━━ Source data

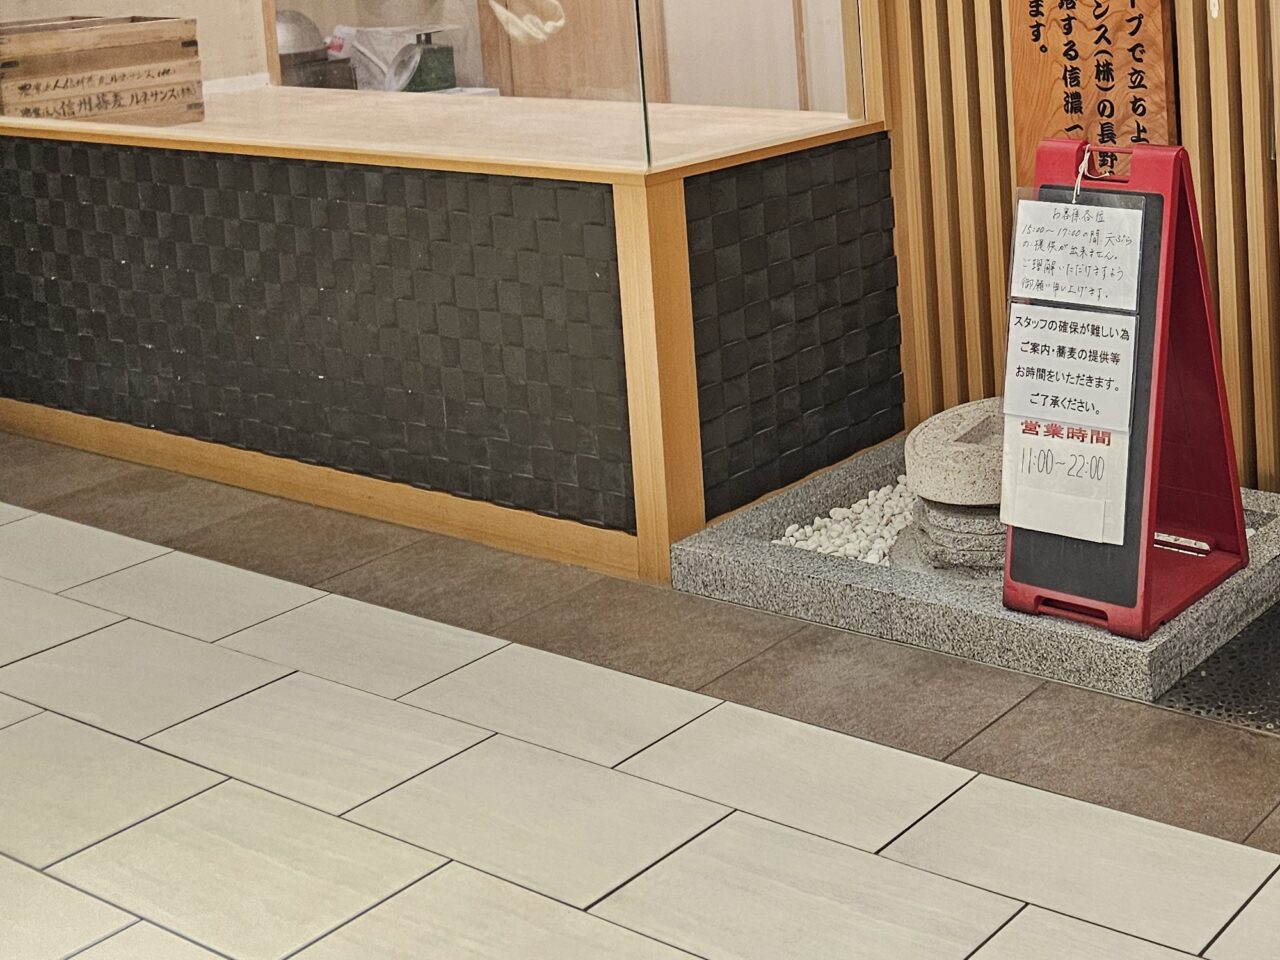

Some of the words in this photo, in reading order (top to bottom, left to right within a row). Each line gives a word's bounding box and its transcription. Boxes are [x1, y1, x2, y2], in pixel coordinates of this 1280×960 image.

[1013, 315, 1130, 341] スタッフの確保が難しい為
[1020, 341, 1121, 366] ご案内・蕎麦の提供等
[1015, 365, 1119, 392] お時間をいただきます。
[1030, 392, 1101, 415] ご了承ください。
[1021, 420, 1111, 447] 営業時間
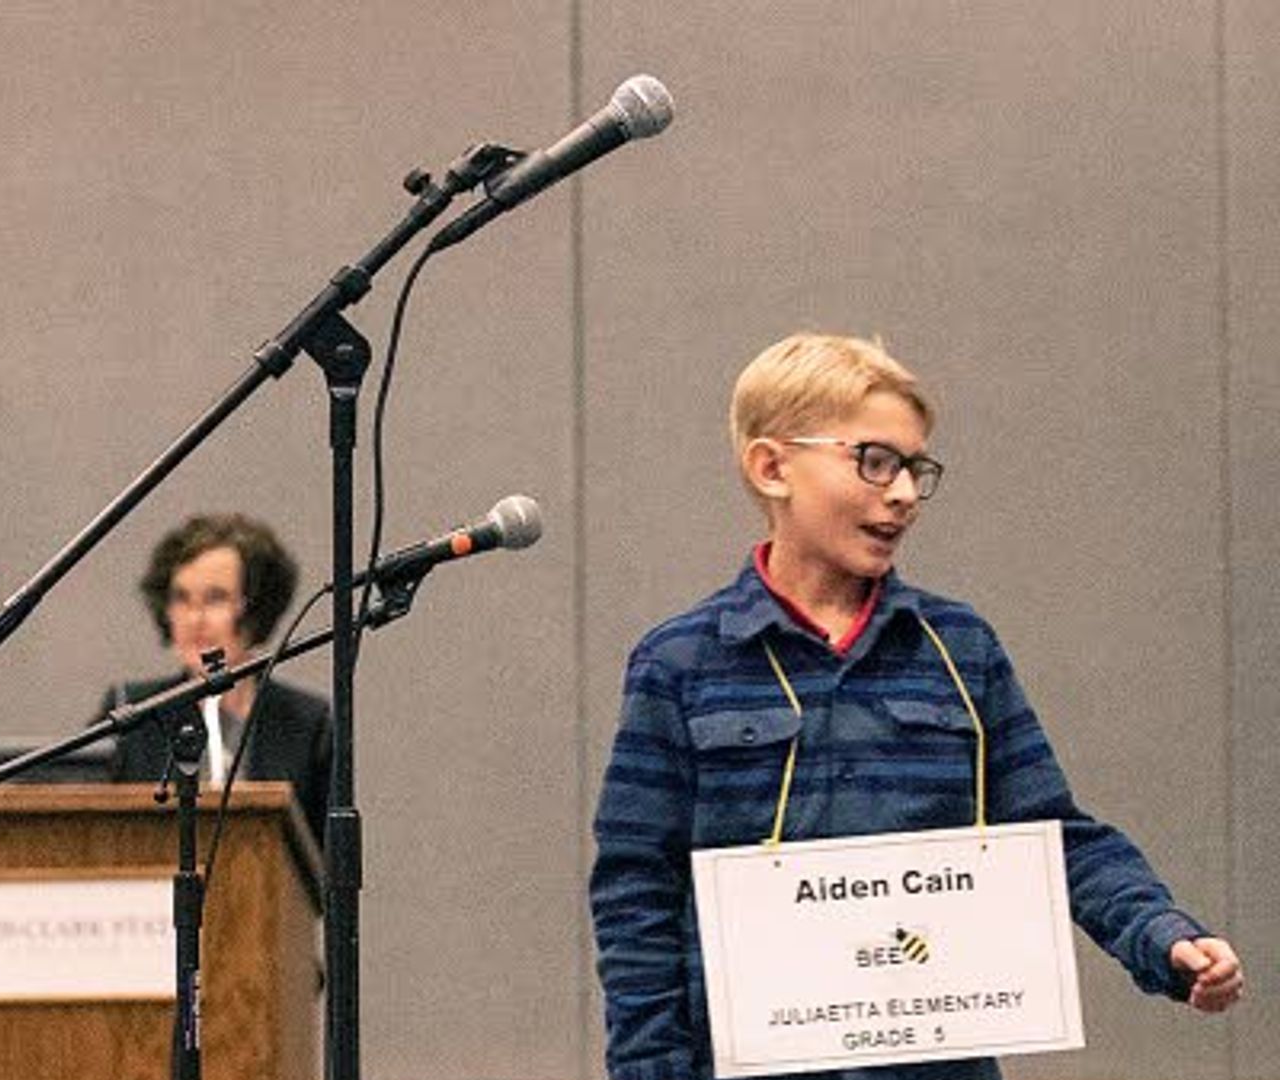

━━━━

Problem requirements ▸
Copy the data exactly. Any picture it contains is to be omitted.

Problem solution ▸
Some of the words in this photo, in reading order (top to bottom, left to right within a row). Each line gives a word's bounding box and its transcription. Boxes are [x1, y1, x2, y2], in pixel coordinates of this 1280×960 image.

[1013, 315, 1130, 341] スタッフの確保が難しい為
[1020, 341, 1121, 366] ご案内・蕎麦の提供等
[1015, 365, 1119, 392] お時間をいただきます。
[1030, 392, 1101, 415] ご了承ください。
[1021, 420, 1111, 447] 営業時間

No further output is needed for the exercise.